Nothing but the text of the records should come back; copy it exactly and leave the pictures out.

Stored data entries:
....
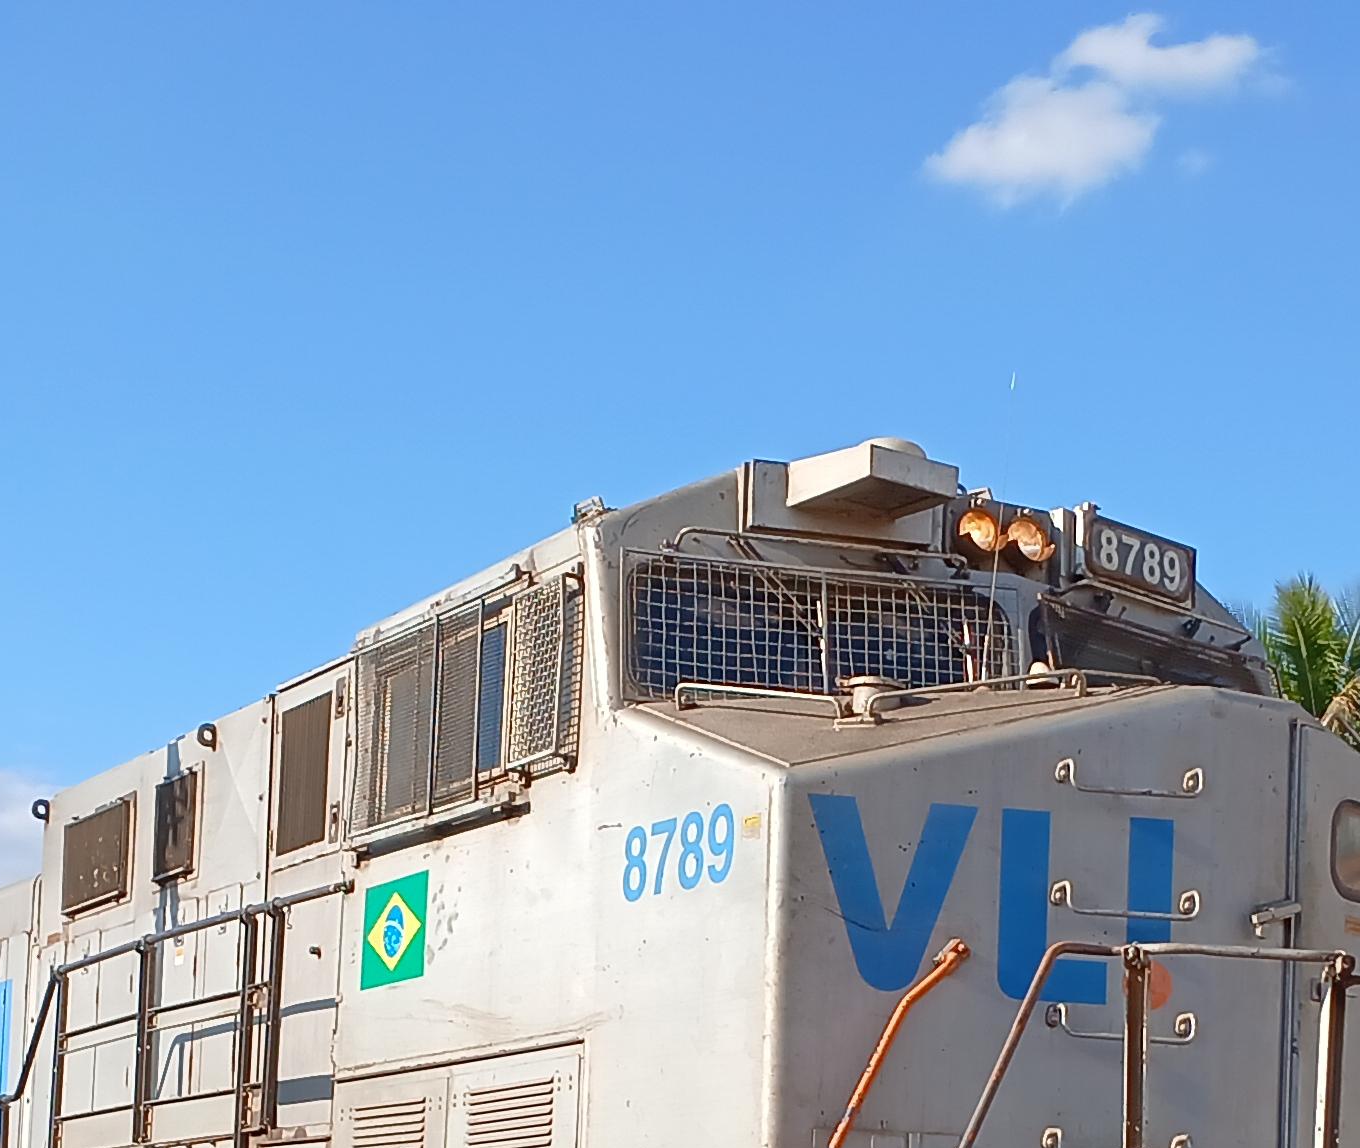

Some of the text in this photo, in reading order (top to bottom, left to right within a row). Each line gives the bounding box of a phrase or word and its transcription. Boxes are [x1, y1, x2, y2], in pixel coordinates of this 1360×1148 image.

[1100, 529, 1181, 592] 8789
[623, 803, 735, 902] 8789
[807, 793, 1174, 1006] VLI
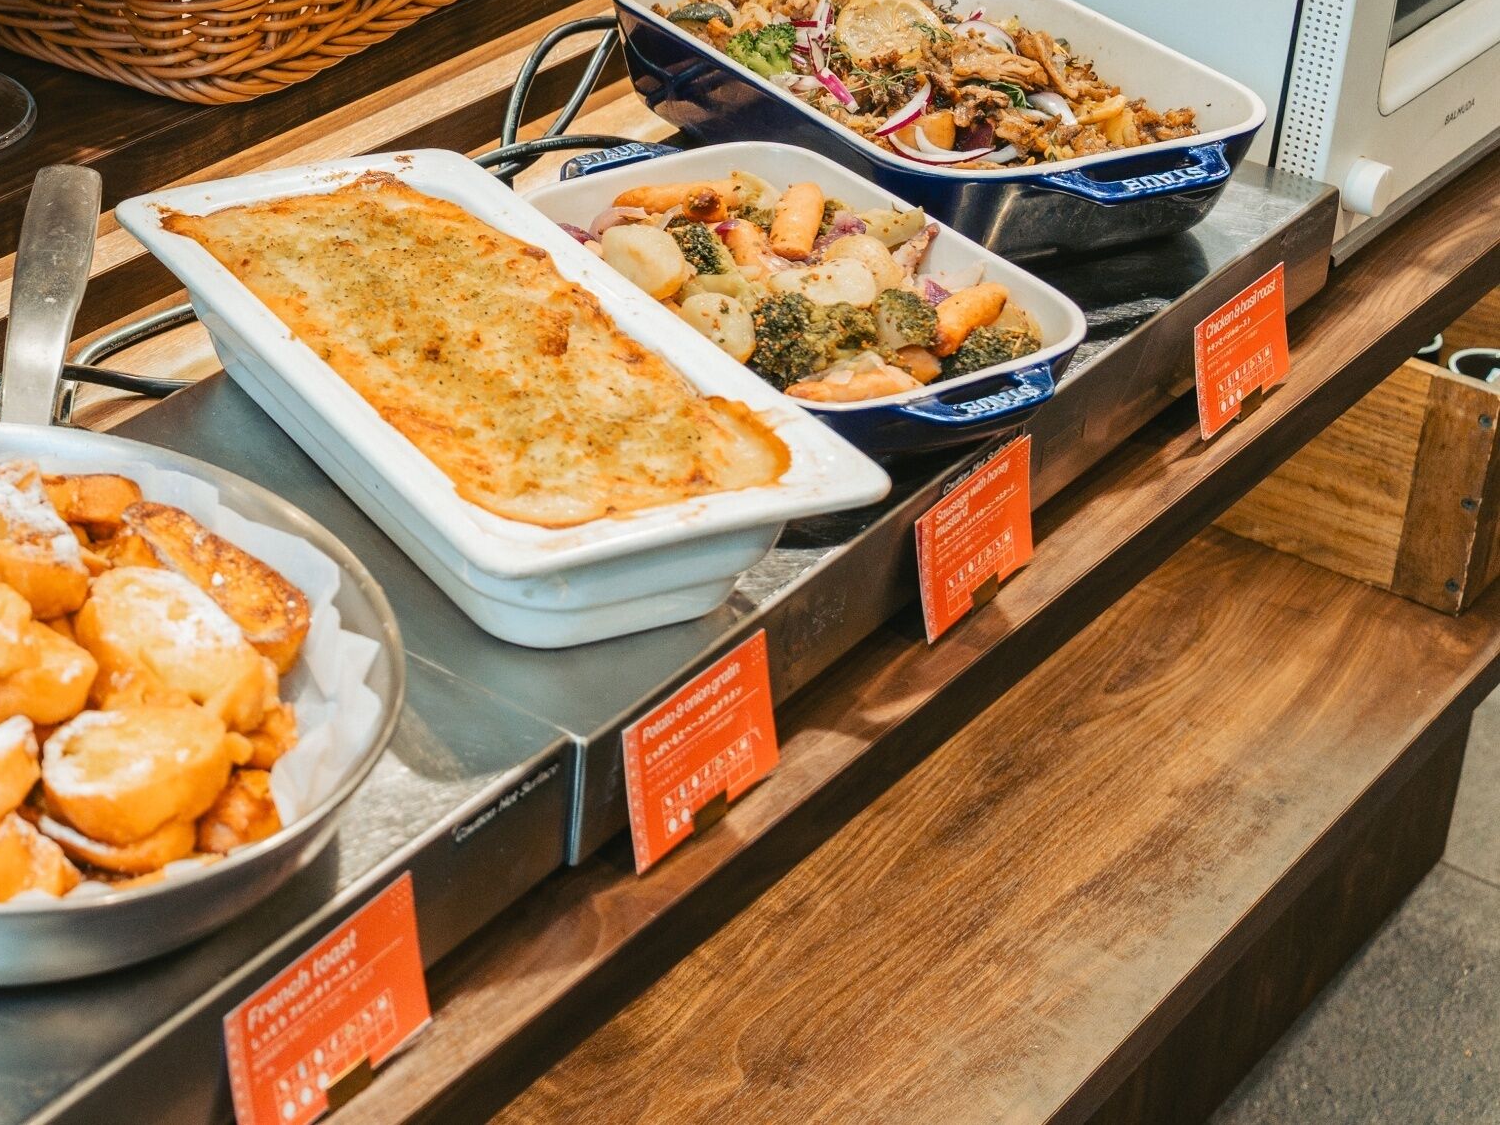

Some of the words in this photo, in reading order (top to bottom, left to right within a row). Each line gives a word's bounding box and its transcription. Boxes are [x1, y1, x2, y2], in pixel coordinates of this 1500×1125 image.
....
WRITTEN RESPONSE:
Some of the text in this photo, in reading order (top to bottom, left to right within a row). Each line gives the bounding box of a phrase or word and its transcription. Boxes are [x1, y1, x2, y2], in pixel coordinates of this 1360×1148 image.

[1100, 529, 1181, 592] 8789
[623, 803, 735, 902] 8789
[807, 793, 1174, 1006] VLI

Some of the words in this photo, in reading order (top to bottom, left to right within a row). Each line gives a word's bounding box and its transcription. Boxes are [x1, y1, x2, y2], in pixel coordinates of this 1500×1125 image.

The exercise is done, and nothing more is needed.